WHAT IS BEING ASKED:
Could you print the data that follows exactly as given?

== DATA EXTRACTS

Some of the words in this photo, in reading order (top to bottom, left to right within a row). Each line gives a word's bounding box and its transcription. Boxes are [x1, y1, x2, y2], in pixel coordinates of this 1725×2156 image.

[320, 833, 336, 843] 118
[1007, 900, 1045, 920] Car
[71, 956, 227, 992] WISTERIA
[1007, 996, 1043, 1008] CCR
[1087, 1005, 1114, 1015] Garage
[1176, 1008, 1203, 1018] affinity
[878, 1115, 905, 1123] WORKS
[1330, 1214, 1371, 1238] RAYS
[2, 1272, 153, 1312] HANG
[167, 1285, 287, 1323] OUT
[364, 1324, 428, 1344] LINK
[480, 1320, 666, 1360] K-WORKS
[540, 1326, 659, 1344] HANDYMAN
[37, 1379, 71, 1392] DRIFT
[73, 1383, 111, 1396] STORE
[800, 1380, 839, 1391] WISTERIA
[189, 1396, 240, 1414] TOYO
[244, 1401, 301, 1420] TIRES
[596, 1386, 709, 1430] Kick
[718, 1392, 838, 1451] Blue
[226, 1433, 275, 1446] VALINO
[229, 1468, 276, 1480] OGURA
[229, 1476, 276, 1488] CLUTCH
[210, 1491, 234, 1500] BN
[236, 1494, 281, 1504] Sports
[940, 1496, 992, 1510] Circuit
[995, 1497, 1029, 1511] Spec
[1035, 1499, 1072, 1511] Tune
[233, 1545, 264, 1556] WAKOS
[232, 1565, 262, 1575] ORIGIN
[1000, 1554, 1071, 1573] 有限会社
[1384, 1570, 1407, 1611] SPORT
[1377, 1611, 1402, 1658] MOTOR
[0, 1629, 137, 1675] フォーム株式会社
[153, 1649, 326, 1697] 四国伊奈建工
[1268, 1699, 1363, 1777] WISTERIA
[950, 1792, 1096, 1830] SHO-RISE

====

ANSWER SPACE:
Some of the words in this photo, in reading order (top to bottom, left to right within a row). Each line gives a word's bounding box and its transcription. Boxes are [x1, y1, x2, y2], in pixel coordinates of this 1725×2156 image.

[320, 833, 336, 843] 118
[1007, 900, 1045, 920] Car
[71, 956, 227, 992] WISTERIA
[1007, 996, 1043, 1008] CCR
[1087, 1005, 1114, 1015] Garage
[1176, 1008, 1203, 1018] affinity
[878, 1115, 905, 1123] WORKS
[1330, 1214, 1371, 1238] RAYS
[2, 1272, 153, 1312] HANG
[167, 1285, 287, 1323] OUT
[364, 1324, 428, 1344] LINK
[480, 1320, 666, 1360] K-WORKS
[540, 1326, 659, 1344] HANDYMAN
[37, 1379, 71, 1392] DRIFT
[73, 1383, 111, 1396] STORE
[800, 1380, 839, 1391] WISTERIA
[189, 1396, 240, 1414] TOYO
[244, 1401, 301, 1420] TIRES
[596, 1386, 709, 1430] Kick
[718, 1392, 838, 1451] Blue
[226, 1433, 275, 1446] VALINO
[229, 1468, 276, 1480] OGURA
[229, 1476, 276, 1488] CLUTCH
[210, 1491, 234, 1500] BN
[236, 1494, 281, 1504] Sports
[940, 1496, 992, 1510] Circuit
[995, 1497, 1029, 1511] Spec
[1035, 1499, 1072, 1511] Tune
[233, 1545, 264, 1556] WAKOS
[232, 1565, 262, 1575] ORIGIN
[1000, 1554, 1071, 1573] 有限会社
[1384, 1570, 1407, 1611] SPORT
[1377, 1611, 1402, 1658] MOTOR
[0, 1629, 137, 1675] フォーム株式会社
[153, 1649, 326, 1697] 四国伊奈建工
[1268, 1699, 1363, 1777] WISTERIA
[950, 1792, 1096, 1830] SHO-RISE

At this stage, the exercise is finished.